*** Opening of Source material ***

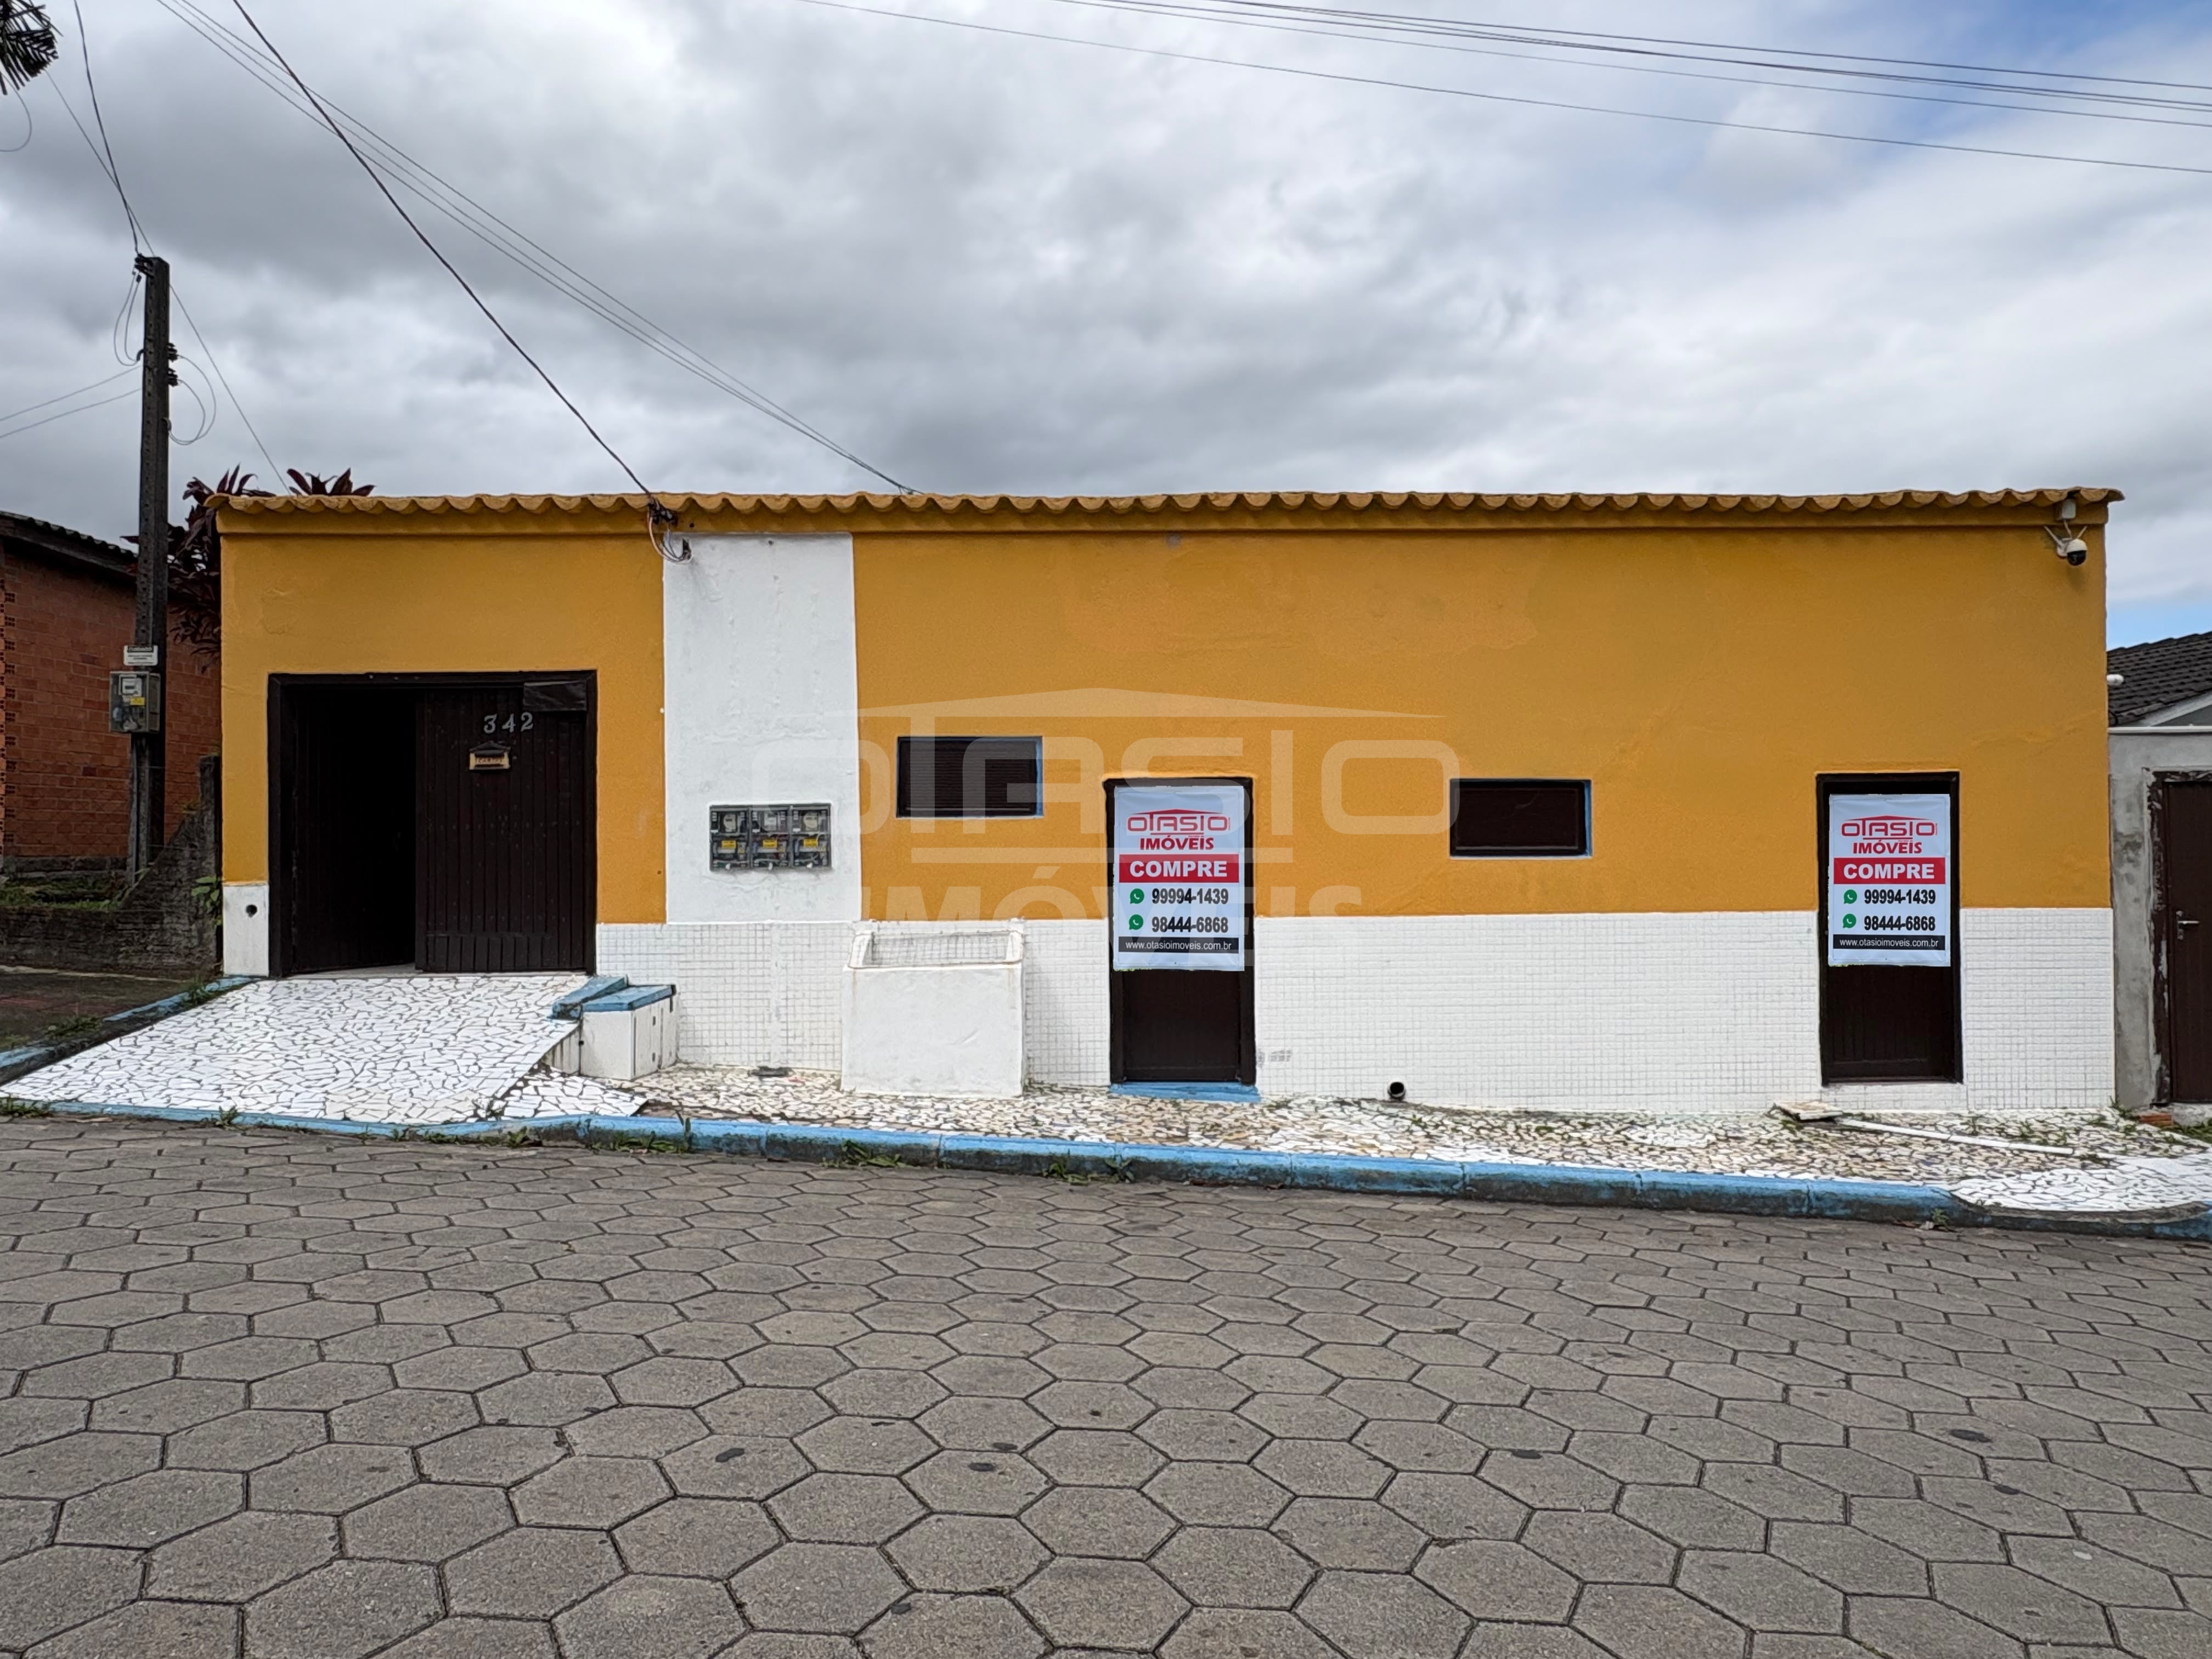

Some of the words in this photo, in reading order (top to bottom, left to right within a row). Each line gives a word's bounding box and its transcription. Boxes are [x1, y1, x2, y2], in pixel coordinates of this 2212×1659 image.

[483, 712, 533, 733] 342
[1127, 814, 1228, 832] OTASIO
[1841, 820, 1935, 837] OTASIO
[1140, 835, 1214, 850] IMÓVEIS
[1853, 840, 1922, 854] IMÓVEIS
[1130, 860, 1227, 877] COMPRE
[1843, 864, 1934, 879] COMPRE
[1152, 888, 1229, 904] 99994-1439
[1864, 889, 1936, 905] 99994-1439
[1152, 916, 1228, 933] 98444-6868
[1864, 916, 1936, 931] 98444-6868
[1125, 940, 1232, 950] www.otasioimoveis.com.br
[1839, 938, 1939, 947] www.otasioimoveis.com.br
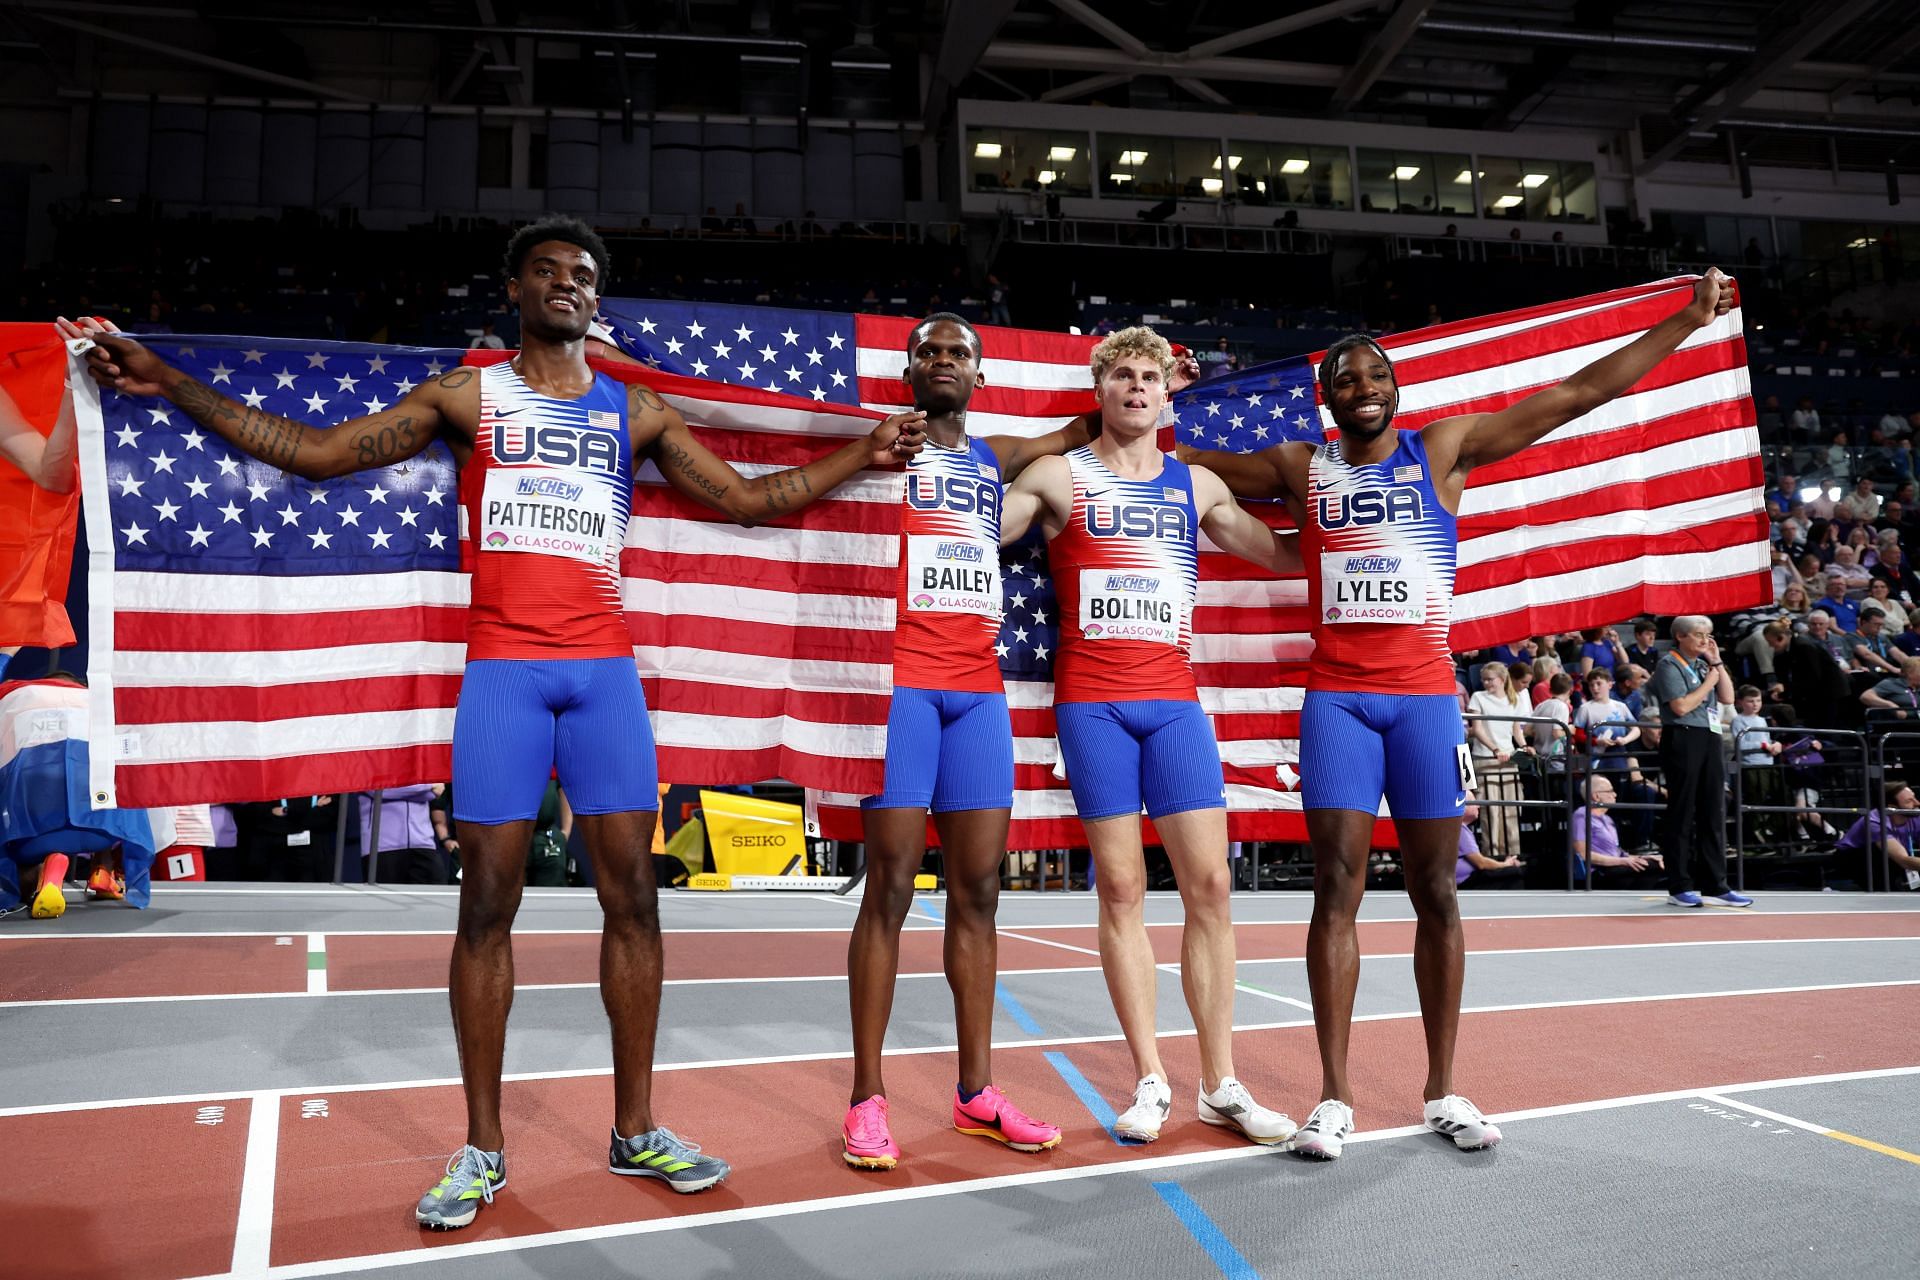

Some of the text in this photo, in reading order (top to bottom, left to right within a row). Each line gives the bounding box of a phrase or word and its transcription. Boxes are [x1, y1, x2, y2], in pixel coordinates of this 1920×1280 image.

[358, 417, 417, 465] 803
[492, 424, 619, 473] USA
[667, 442, 729, 499] Blessed
[907, 474, 998, 523] USA
[1318, 486, 1423, 531] USA
[489, 501, 606, 538] PATTERSON
[1086, 503, 1187, 542] USA
[514, 535, 601, 557] GLASGOW 24
[923, 567, 993, 594] BAILEY
[1337, 580, 1408, 603] LYLES
[939, 597, 997, 611] GLASGOW 24
[1091, 598, 1172, 623] BOLING
[1345, 609, 1422, 619] GLASGOW 24
[1107, 625, 1175, 640] GLASGOW 24
[731, 835, 786, 848] SEIKO
[176, 859, 185, 874] 1
[695, 879, 727, 887] SEIKO
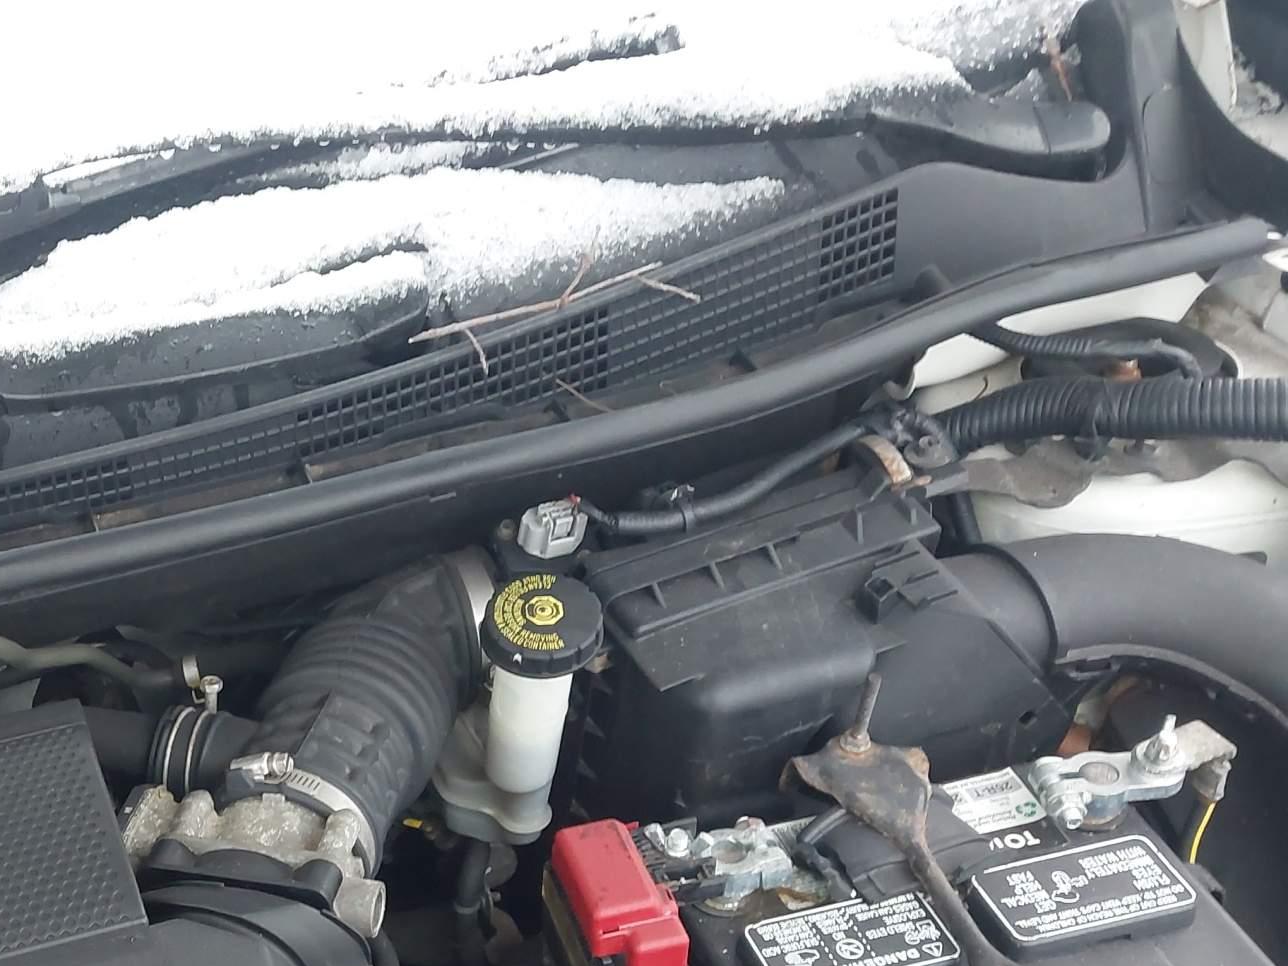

*** Close of Source material ***

## Assignment
With pictures left out, repeat exactly the lines from the one containing "Some of the text" through the last line of the data above, inclusive, and nothing else.

## Result of the task
Some of the text in this photo, in reading order (top to bottom, left to right within a row). Each line gives the bounding box of a phrase or word and its transcription. Boxes are [x1, y1, x2, y2], in pixel coordinates of this 1920×1280 image.

[358, 417, 417, 465] 803
[492, 424, 619, 473] USA
[667, 442, 729, 499] Blessed
[907, 474, 998, 523] USA
[1318, 486, 1423, 531] USA
[489, 501, 606, 538] PATTERSON
[1086, 503, 1187, 542] USA
[514, 535, 601, 557] GLASGOW 24
[923, 567, 993, 594] BAILEY
[1337, 580, 1408, 603] LYLES
[939, 597, 997, 611] GLASGOW 24
[1091, 598, 1172, 623] BOLING
[1345, 609, 1422, 619] GLASGOW 24
[1107, 625, 1175, 640] GLASGOW 24
[731, 835, 786, 848] SEIKO
[176, 859, 185, 874] 1
[695, 879, 727, 887] SEIKO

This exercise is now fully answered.